A busca de uma política única dirigida a todas as deficiências (todos são deficientemente iguais) pode ser a razão mais aparente para que o aluno surdo seja concebido sob o viés da deficiência mental; entretanto, é possível que tal concepção possa ter raízes em outro lugar. Uma vez que a língua é tomada como meio de expressão e comunicação, no ensino normal as falhas na comunicação são atribuídas à falta de transparência da linguagem, que falhou em espelhar com perfeição o pensamento; no caso da língua de sinais, quando essas falhas aparecem, é o pensamento do surdo que é posto sob suspeita, é aí que está a deficiência.

Todavia, os PCNs são claros. As adaptações não podem reter o aluno, pelo contrário, devem possibilitar-lhe a conclusão do curso:

"Embora muitos educadores possam interpretar essas medidas como 'abrir mão' da qualidade de ensino ou empobrecer as expectativas educacionais, essas decisões curriculares podem ser as únicas alternativas possíveis para os alunos que apresentam necessidades especiais como forma de evitar sua exclusão" (MEC, 1999, p.38).

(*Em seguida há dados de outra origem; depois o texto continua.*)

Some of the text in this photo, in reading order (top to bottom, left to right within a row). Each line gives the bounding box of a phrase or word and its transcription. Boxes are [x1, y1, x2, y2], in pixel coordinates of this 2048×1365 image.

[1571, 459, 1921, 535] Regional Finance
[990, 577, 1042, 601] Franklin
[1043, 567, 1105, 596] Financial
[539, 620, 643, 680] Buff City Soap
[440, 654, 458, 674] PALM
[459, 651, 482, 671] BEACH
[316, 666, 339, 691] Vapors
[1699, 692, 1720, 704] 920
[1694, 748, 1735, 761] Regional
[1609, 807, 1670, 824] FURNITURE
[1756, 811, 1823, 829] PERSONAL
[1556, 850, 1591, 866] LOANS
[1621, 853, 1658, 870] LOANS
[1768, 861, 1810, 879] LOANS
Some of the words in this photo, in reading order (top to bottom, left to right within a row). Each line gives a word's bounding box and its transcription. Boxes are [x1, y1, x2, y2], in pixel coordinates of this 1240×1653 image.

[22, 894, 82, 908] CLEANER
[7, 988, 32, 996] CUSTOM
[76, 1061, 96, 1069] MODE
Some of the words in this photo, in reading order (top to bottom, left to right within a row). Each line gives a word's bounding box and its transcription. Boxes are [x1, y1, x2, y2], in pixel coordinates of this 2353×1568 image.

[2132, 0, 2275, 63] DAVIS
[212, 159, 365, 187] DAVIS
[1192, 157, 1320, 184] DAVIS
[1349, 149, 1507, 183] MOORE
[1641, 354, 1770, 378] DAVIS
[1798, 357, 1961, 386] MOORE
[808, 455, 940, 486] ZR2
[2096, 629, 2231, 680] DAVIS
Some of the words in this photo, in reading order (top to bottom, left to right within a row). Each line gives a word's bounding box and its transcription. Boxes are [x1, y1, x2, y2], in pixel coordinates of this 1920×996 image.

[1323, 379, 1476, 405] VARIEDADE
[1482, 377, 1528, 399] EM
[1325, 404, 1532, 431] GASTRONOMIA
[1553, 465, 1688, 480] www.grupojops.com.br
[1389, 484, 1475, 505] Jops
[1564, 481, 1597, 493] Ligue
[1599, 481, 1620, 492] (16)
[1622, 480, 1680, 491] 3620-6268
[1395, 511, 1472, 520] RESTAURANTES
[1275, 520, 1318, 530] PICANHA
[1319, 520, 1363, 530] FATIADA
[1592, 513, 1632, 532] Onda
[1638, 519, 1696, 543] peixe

Sabemos que a urgência em aprovar o maior número possível de alunos, conferindo-lhes diplomas de conclusão de Ensino Fundamental, obedece a determinações de ordem política que, nas atuais circunstâncias, dispensam comentários; mas é preciso destacar que o rótulo "alunos com necessidades especiais" refere-se não só aos alunos que deverão ser incluídos, mas também àqueles que poderiam vir a ser excluídos e que, portanto, no momento estão incluídos nela. Por outro lado, a possibilidade de "empobrecimento das expectativas educacionais" passa a ser responsabilidade desses mesmos alunos especiais (é por causa deles que se abre mão da qualidade), garantindo a imunidade dessa escola diplomática. Às necessidades dos alunos especiais (e aqui se incluem aqueles cuja adversidade não é inerente, mas histórica e socialmente determinada), essa escola responde com a exclusão dos objetivos "básicos", entre eles, como se pode constatar pela mídia, a alfabetização 1

No caso específico da surdez, os professores e as escolas são desafiados a se valerem de estratégias que possam minimizar a distância entre a normalidade ouvinte e a anormalidade surda, sem que isso implique nenhuma ruptura, por exemplo, com o oralismo. Algumas delas: o encaminhamento do aluno para a protetização; o uso de tablados, em sala, para facilitar a propagação dos sons; a disponibilização de "salas-ambiente", na escola, para treinamento auditivo e da fala; o uso de material visual de apoio; o posicionamento do aluno de modo que possa ler os lábios do professor (e aí é o professor que deve se comportar como um deficiente físico, evitando movimentar-se); e o emprego de "sistema alternativo de comunicação adaptado às possibilidades do aluno: leitura orofacial, gestos e língua de sinais" (MEC, 1999, p.46).

Ao abordar a surdez, sustentan-do-se no discurso médico, o discurso oficial mantém a relação opositiva, que constitui de fato uma relação hierárquica entre o "normal" de um lado e, de outro, o "patológico/ deficiente/portador de necessidades educativas especiais/diversas do normal". O apelo à escala médica como dispositivo de avaliação dos graus de surdez dá ao discurso oficial uma legitimidade cientificista e permite-lhe estabelecer, pelo simples fato de atestar as dificuldades do surdo, a possibilidade de "otimizar suas potencialidades", garantindo, assim, a estabilidade de uma ordem social idealizada. Entretanto, como afirma Canguilhem (1995), o normal e sua contraparte - o anormal - não constituem entidades empíricas, ou seja, "não há patologia objetiva" (p.186). Ainda que se possam descrever as estruturas e os comportamentos, não se pode qualificar tudo isso de patológicos com base em critérios puramente formais. "Objetivamente, só se podem definir variedades ou diferenças, sem valor vital positivo ou negativo" (p.186).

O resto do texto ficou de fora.